Scan the listing below. Copy each line that contains "Giảm".

DATA RECORDS:
• • •
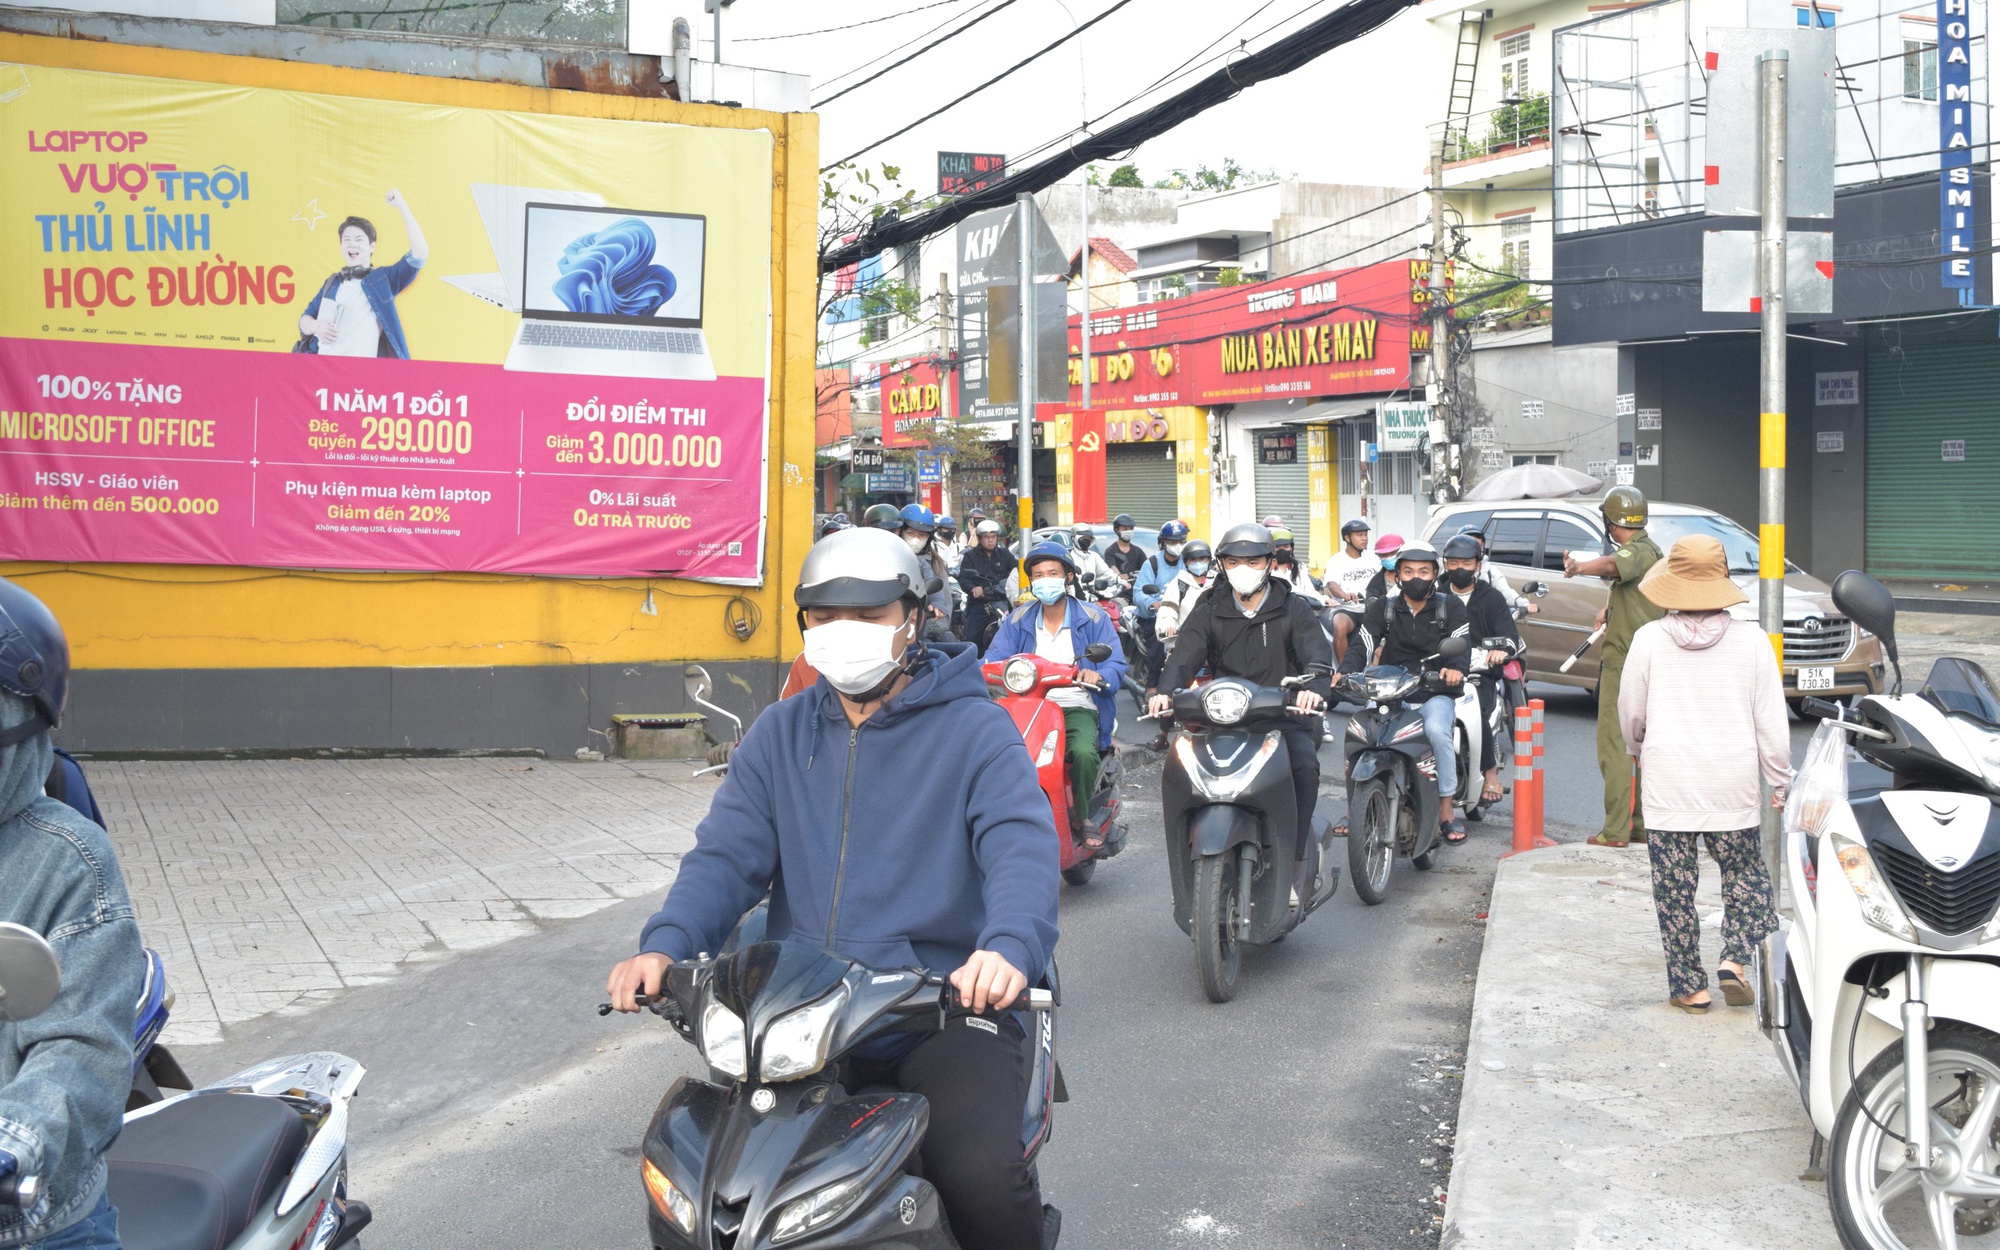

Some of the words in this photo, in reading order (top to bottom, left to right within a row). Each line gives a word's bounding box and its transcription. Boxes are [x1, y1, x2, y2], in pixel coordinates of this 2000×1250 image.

[1946, 83, 1969, 148] MIA
[29, 130, 148, 153] LAPTOP
[941, 154, 971, 174] KHÁI
[58, 162, 177, 202] VƯỢT
[155, 164, 250, 209] TRỘI
[35, 201, 113, 252] THỦ
[124, 206, 210, 252] LĨNH
[1947, 167, 1971, 276] SMILE
[43, 266, 137, 317] HỌC
[146, 253, 296, 307] ĐƯỜNG
[1247, 287, 1296, 313] TRUNG
[1301, 281, 1337, 306] NAM
[1221, 334, 1260, 374] MUA
[1262, 317, 1302, 370] BÁN
[1305, 323, 1332, 366] XE
[36, 374, 112, 401] 100%
[115, 377, 182, 407] TẶNG
[316, 388, 328, 411] 1
[334, 389, 387, 414] NĂM
[392, 391, 404, 414] 1
[409, 390, 450, 417] ĐỔI
[455, 395, 468, 417] 1
[566, 396, 606, 422] ĐỔI
[610, 398, 666, 424] ĐIỂM
[670, 407, 706, 427] THI
[1130, 408, 1169, 440] ĐỒ
[1385, 407, 1401, 428] NHÀ
[1402, 404, 1426, 428] THUỐC
[0, 410, 132, 444] MICROSOFT
[138, 416, 216, 448] OFFICE
[308, 419, 339, 436] Đặc
[308, 433, 356, 450] quyền
[361, 416, 472, 454] 299.000
[546, 435, 584, 450] Giảm
[588, 430, 722, 468] 3.000.000
[1263, 438, 1279, 448] MUA
[400, 455, 409, 463] do
[410, 455, 424, 463] Nhà
[555, 449, 584, 464] đến
[1266, 450, 1275, 461] XE
[1277, 449, 1292, 460] MÁY
[1310, 450, 1327, 471] BÁN
[35, 471, 84, 487] HSSV
[99, 473, 138, 490] Giáo
[142, 475, 179, 490] viên
[1314, 478, 1324, 495] XE
[285, 480, 318, 498] Phụ
[322, 482, 358, 500] kiện
[361, 487, 398, 499] mua
[401, 483, 436, 500] kèm
[440, 486, 492, 505] laptop
[589, 489, 615, 506] 0%
[617, 492, 639, 507] Lãi
[643, 490, 677, 508] suất
[43, 494, 88, 511] thêm
[93, 495, 126, 512] đến
[130, 496, 219, 515] 500.000
[327, 504, 370, 520] Giảm
[374, 505, 405, 521] đến
[408, 505, 451, 523] 20%
[1309, 498, 1327, 519] MÁY
[573, 508, 599, 527] 0đ
[602, 511, 633, 528] TRẢ
[636, 513, 692, 529] TRƯỚC
[315, 524, 339, 533] Không
[340, 524, 349, 534] áp
[350, 525, 369, 534] dụng
[440, 529, 461, 537] mạng
[1801, 678, 1830, 689] 730.28
[1808, 668, 1824, 679] 51K
• • •
SOLUTION FOR THIS TASK:
[546, 435, 584, 450] Giảm
[327, 504, 370, 520] Giảm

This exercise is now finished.